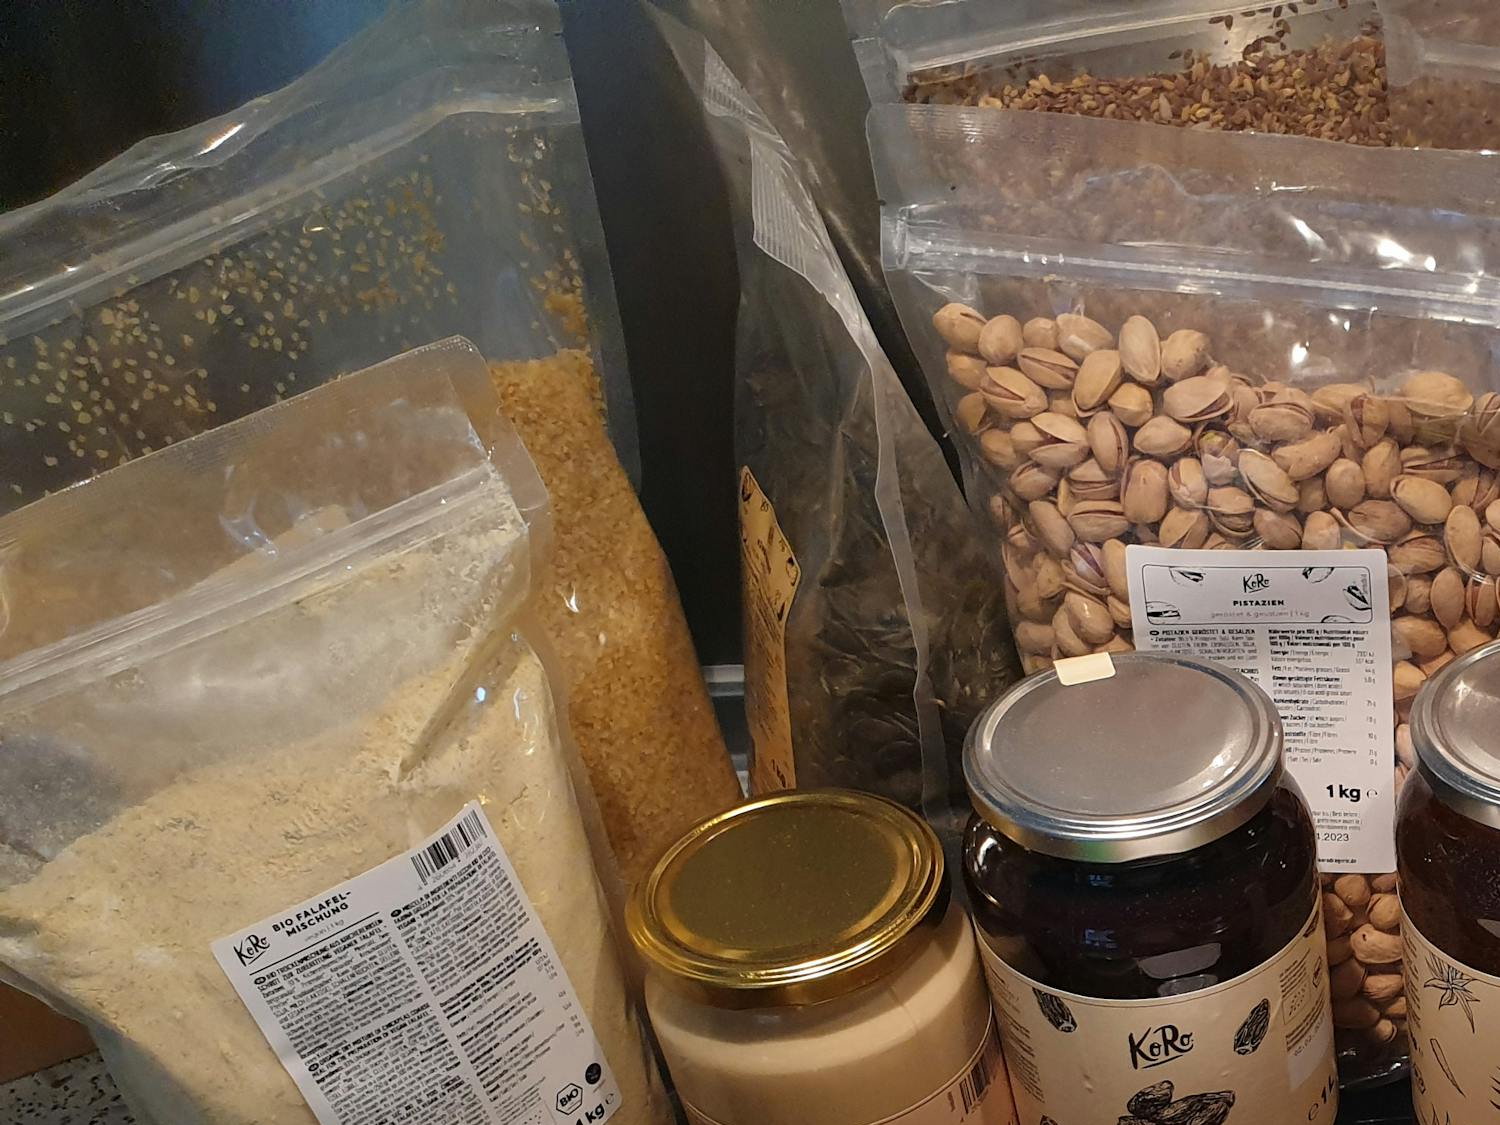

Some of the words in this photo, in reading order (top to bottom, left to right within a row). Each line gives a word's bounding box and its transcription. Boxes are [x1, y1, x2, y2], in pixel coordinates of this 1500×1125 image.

[1243, 573, 1270, 593] KoRo
[1326, 784, 1334, 798] 1
[1339, 784, 1361, 802] kg
[272, 918, 294, 932] BIO
[296, 891, 352, 921] FALAFEL-
[286, 902, 349, 937] MISCHUNG
[233, 934, 271, 967] KoRo
[1128, 1024, 1194, 1070] KoRo
[560, 1088, 579, 1107] BIO
[586, 1102, 605, 1124] kg
★ ★ ★ ★ ★
> **The problem**:
Copy the records exactly as they appear, leaving every picture out.

> **Answer section**:
Some of the words in this photo, in reading order (top to bottom, left to right within a row). Each line gives a word's bounding box and its transcription. Boxes are [x1, y1, x2, y2], in pixel coordinates of this 1500×1125 image.

[1243, 573, 1270, 593] KoRo
[1326, 784, 1334, 798] 1
[1339, 784, 1361, 802] kg
[272, 918, 294, 932] BIO
[296, 891, 352, 921] FALAFEL-
[286, 902, 349, 937] MISCHUNG
[233, 934, 271, 967] KoRo
[1128, 1024, 1194, 1070] KoRo
[560, 1088, 579, 1107] BIO
[586, 1102, 605, 1124] kg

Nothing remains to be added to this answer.